5Mount Independence was on the eastern shore of Lake Champlain across from the fort at Ticonderoga. Three of Gates’s brigades were camped on this hill, which was being cleared and fortified to protect the main fort.

6See Jonathan Trumbull, Sr., to Gates, 12 Aug., in Force, American Archives description begins Peter Force, ed. American Archives. 9 vols. Washington, D.C., 1837–53. description ends , 5th ser., 1:925.

7For Maj. John Bigelow’s intelligence, see Schuyler to GW, 16 Aug., and note 1, and GW to Hancock, 20 Aug., and note 3.

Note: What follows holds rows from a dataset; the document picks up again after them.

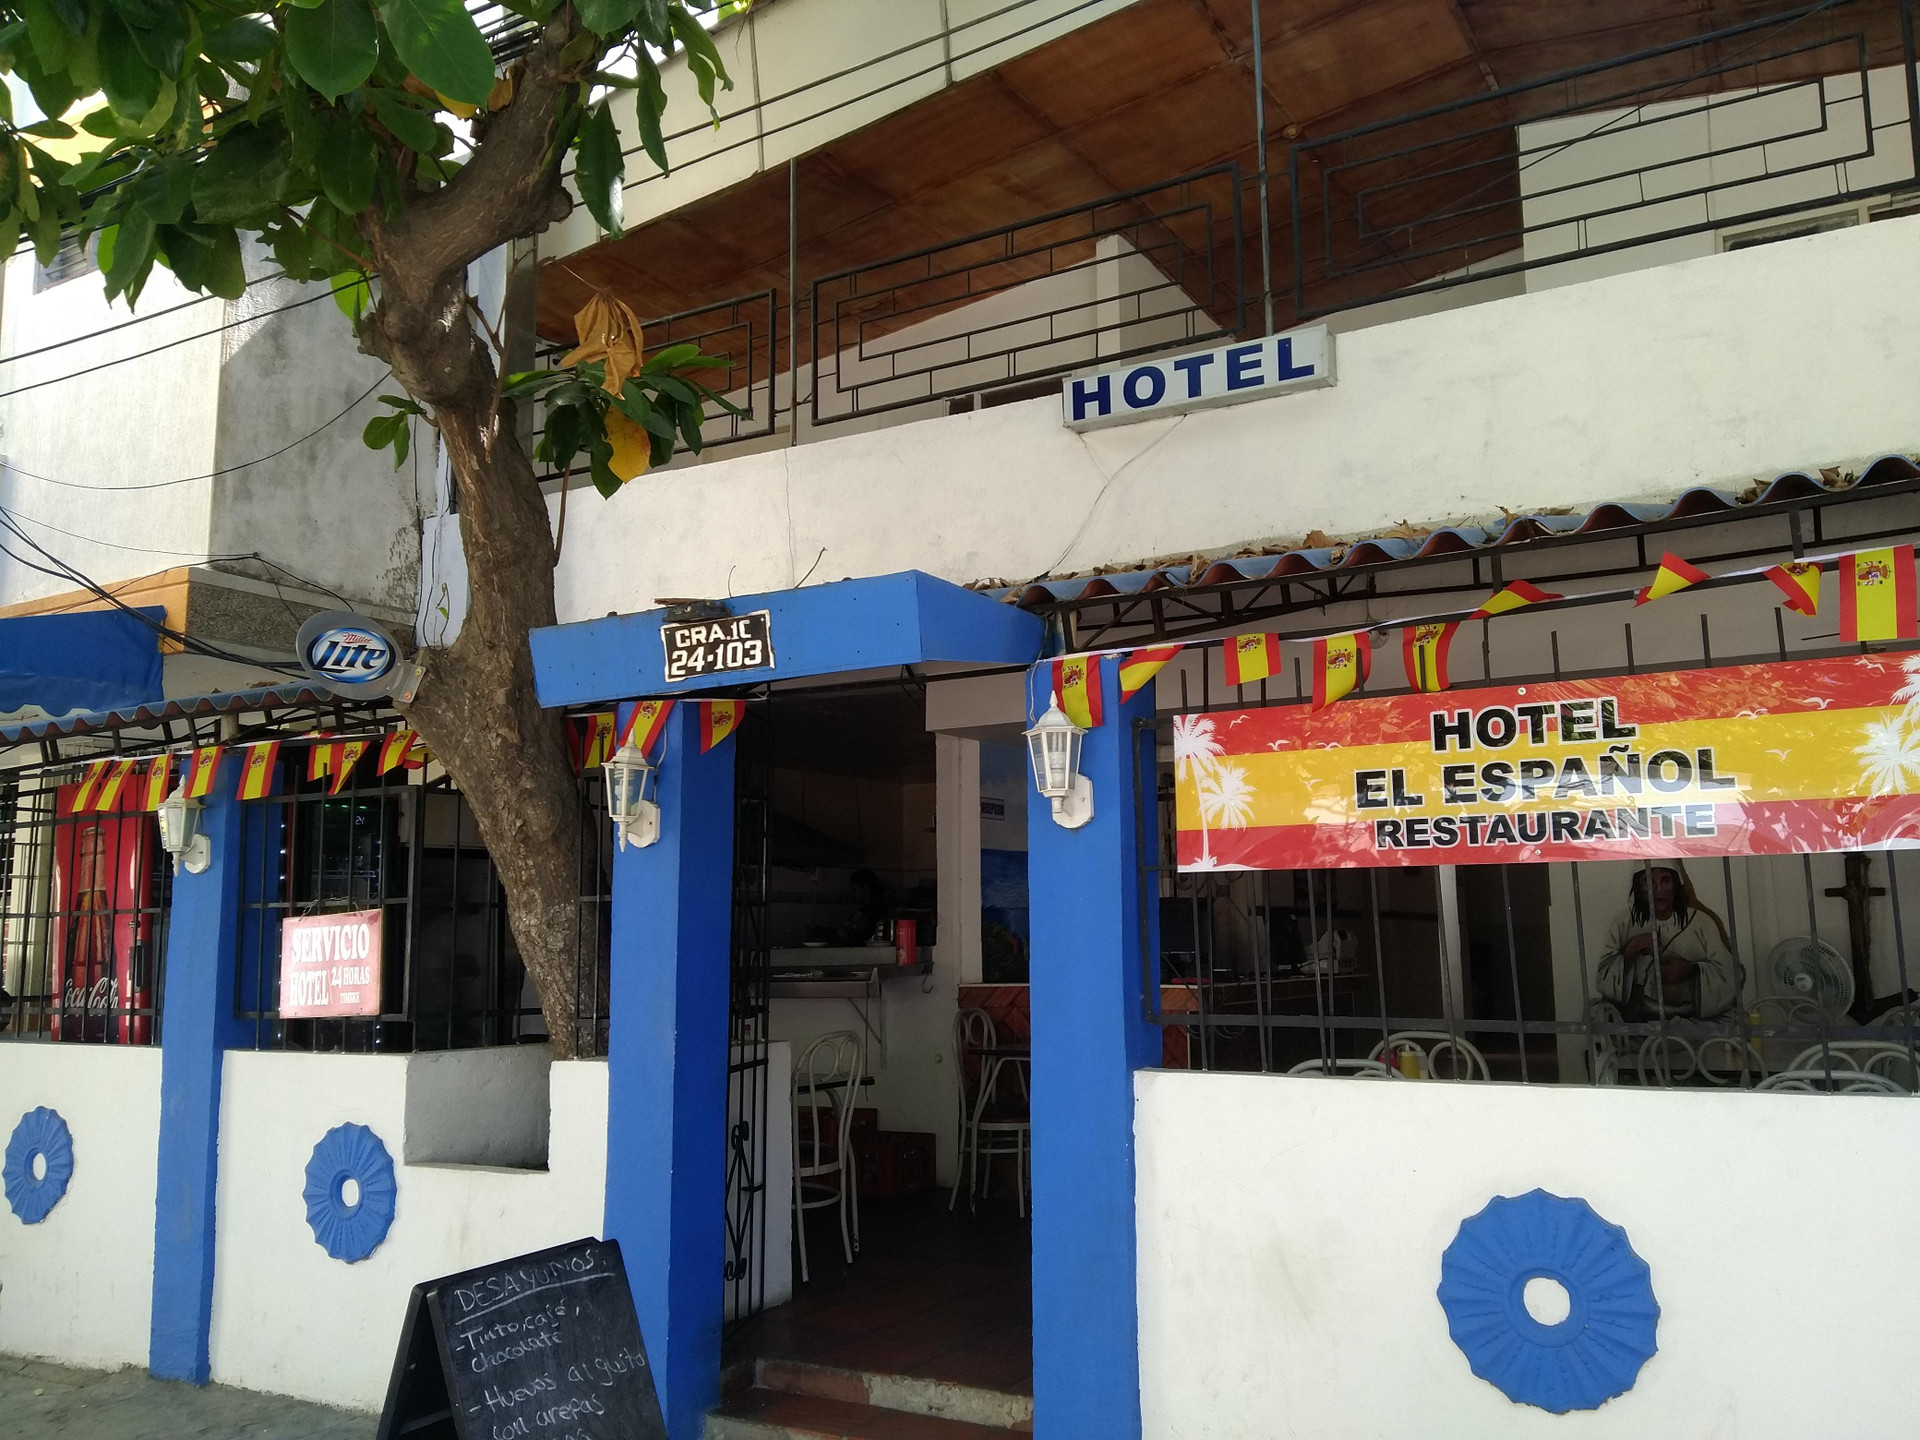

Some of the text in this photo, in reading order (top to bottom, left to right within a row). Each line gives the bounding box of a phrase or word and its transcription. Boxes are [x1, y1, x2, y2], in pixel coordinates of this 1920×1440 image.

[1072, 337, 1315, 421] HOTEL
[341, 631, 373, 644] Miller
[311, 640, 387, 673] Lite
[1431, 697, 1638, 752] HOTEL
[1355, 744, 1737, 809] EL ESPAÑOL
[1375, 802, 1716, 849] RESTAURANTE
[292, 924, 369, 962] SERVICIO
[289, 970, 329, 1006] HOTEL
[332, 965, 370, 988] 24 HORAS
[568, 1362, 594, 1381] al
[536, 1393, 605, 1426] arepas

8Gates sent Dr. John Morgan a copy of his letter to Egbert Benson of 22 Aug., in which Gates complains that Dr. Samuel Stringer, whom he had sent to New York on 29 July to procure medicines for the northern army, “is gone a preferment hunting to the Congress at Philadelphia, while the troops here are suffering inexpressible distress for want of medicines. I entreat, sir, you will instantly lay this letter before General Washington, and receive his commands for sending a supply of medicines to Doctor [Jonathan] Potts, at Lake George” (Force, American Archives description begins Peter Force, ed. American Archives. 9 vols. Washington, D.C., 1837–53. description ends , 5th ser., 1:1114).